Pay Advisers Under Fire

Do management contracts pose conflicts of interest for CEO comp consultants?

The building backlash against high executive compensation is honing in on a new target: The national consulting firms that many large corporations use to construct CEO pay packages. Critics charge that consultants such as Hewitt, Mercer, and Watson Wyatt have conflicts of interest that prompt them to inflate pay plans for management. The central allegation is that the firms don’t provide objective advice to boards on senior management pay because these same managers also hire them to provide other lucrative consulting services.

 

Although the compensation consultants have long insisted that they’re careful to separate the two business lines, critics have been mustering political backing for an attack from Democrats on Capitol Hill. The first salvo came in December in the form of a hearing held by California Democrat Henry Waxman, chairman of the House Committee on Oversight and Government Reform.

 

The hearing’s centerpiece was the release of a study, “Executive Pay: Conflicts of Interest Among Compensation Consultants.” The evidence Waxman’s staff uncovered during a seven-month investigation gave critics plenty of ammo for possible new legislation aimed at the consultants. Its key finding was that almost half of the firms advising boards on management pay at Fortune 250 companies earn hefty fees from management for other services to the company, such as employee benefit administration, human resource management, or actuarial services.

 

Pointing out that CEOs at the largest U.S. companies earn 600 times more than the average employee, Waxman argued that “consultants who are paid millions of dollars by a corporate CEO won’t provide objective advice to the board.

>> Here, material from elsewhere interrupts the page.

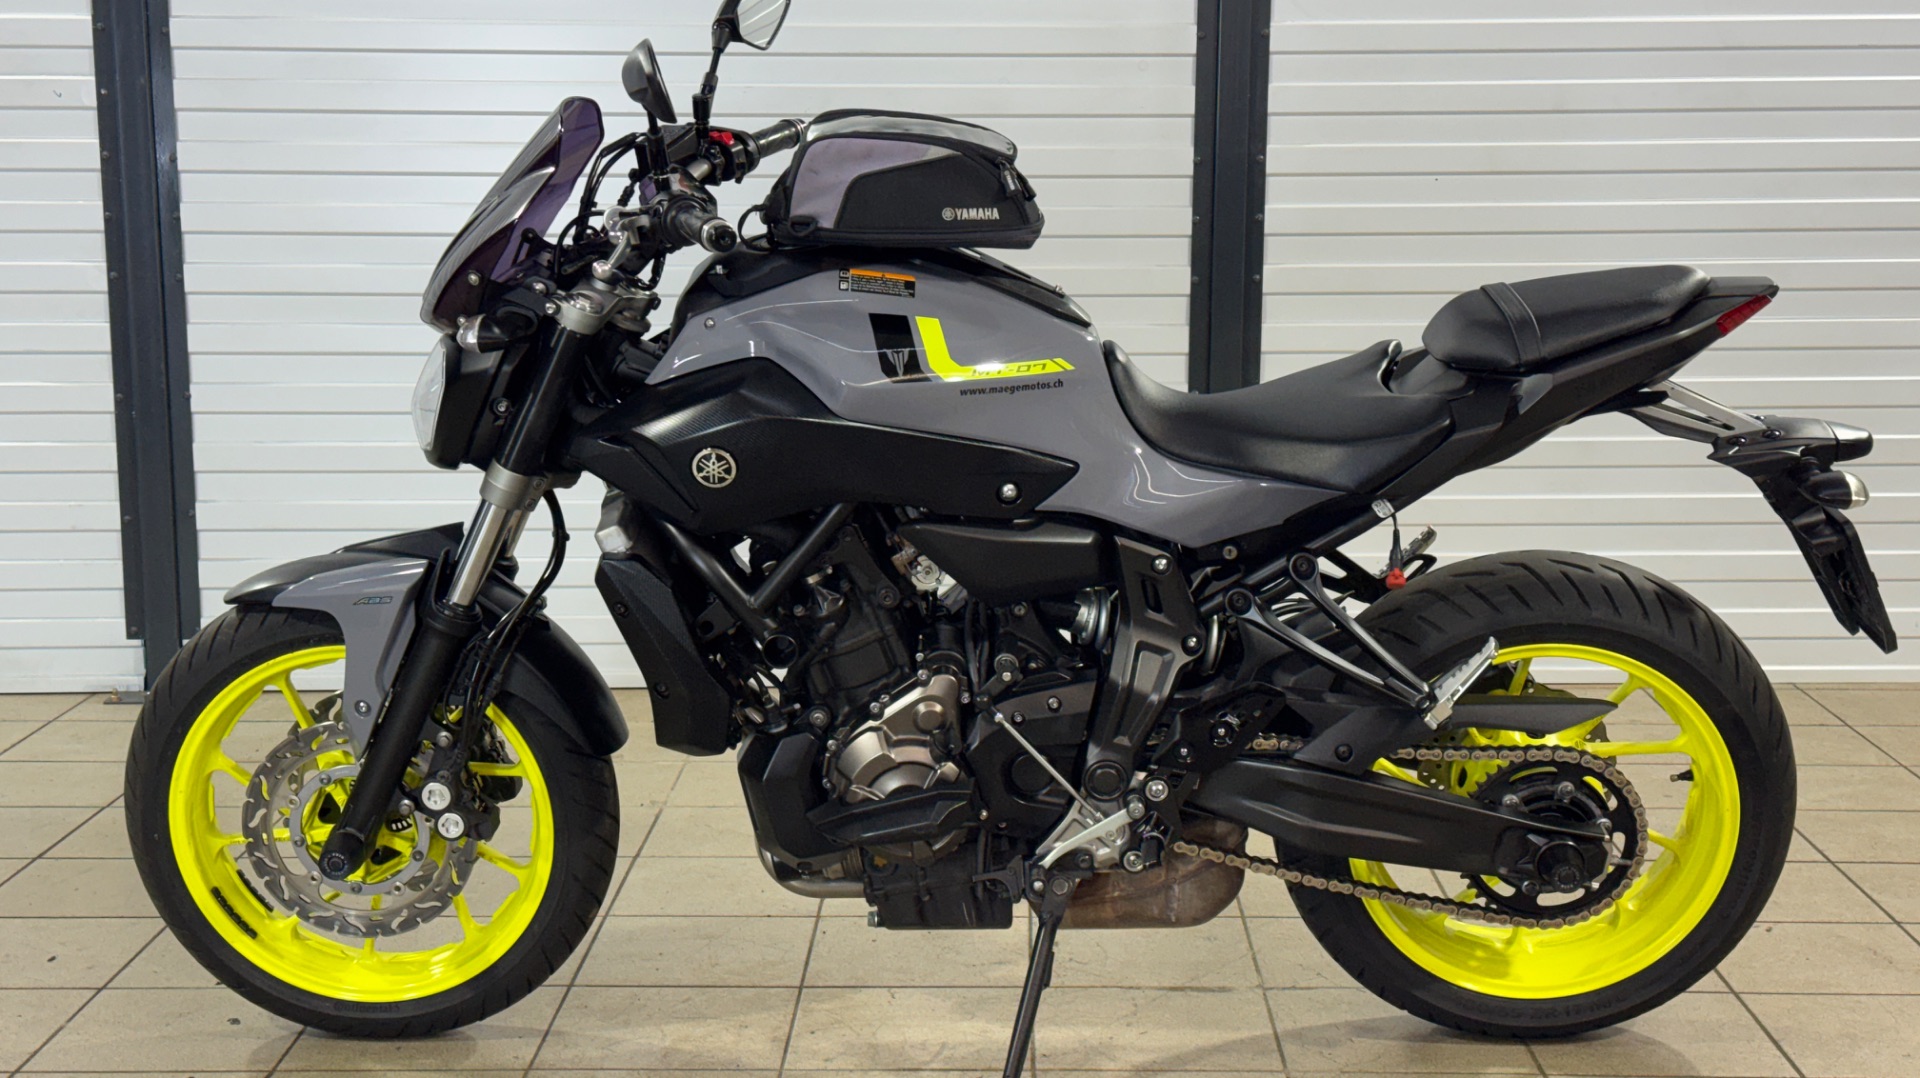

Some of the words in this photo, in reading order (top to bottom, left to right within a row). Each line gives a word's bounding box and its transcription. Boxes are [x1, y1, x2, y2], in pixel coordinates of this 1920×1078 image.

They know what the CEO wants to hear and they know what will happen to their lucrative contracts if they don’t say it.”

 

The consultants’ response has been to point to the steps they’ve taken to ensure a separation of the services they sell to companies. Such safeguards won’t be enough to fend off Waxman and his fellow critics, though. Even before the hearing, the AFL-CIO, a longtime leader in the attack on CEO pay, filed a proxy resolution at MetLife that asks it to disclose the work performed and fees received by its compensation consultant. It has filed similar resolutions at Bank of America and Northrop Grumman. A second resolution, filed at Occidental Petroleum, Caterpillar, and Devon Energy, demands an outright ban on other services by any consultant hired by the board’s compensation committee.

 

The AFL-CIO’s initiative is part of a larger effort by 25 institutional investors led by the Connecticut State Treasurer. The group has targeted the comp committees of the 25 largest U.S. corporations, asking them to ban dual roles for consultants, as companies such as Procter & Gamble and Wachovia already do. The AFL-CIO last year mounted a shareholder campaign at Verizon, leading its board to adopt a ban in November.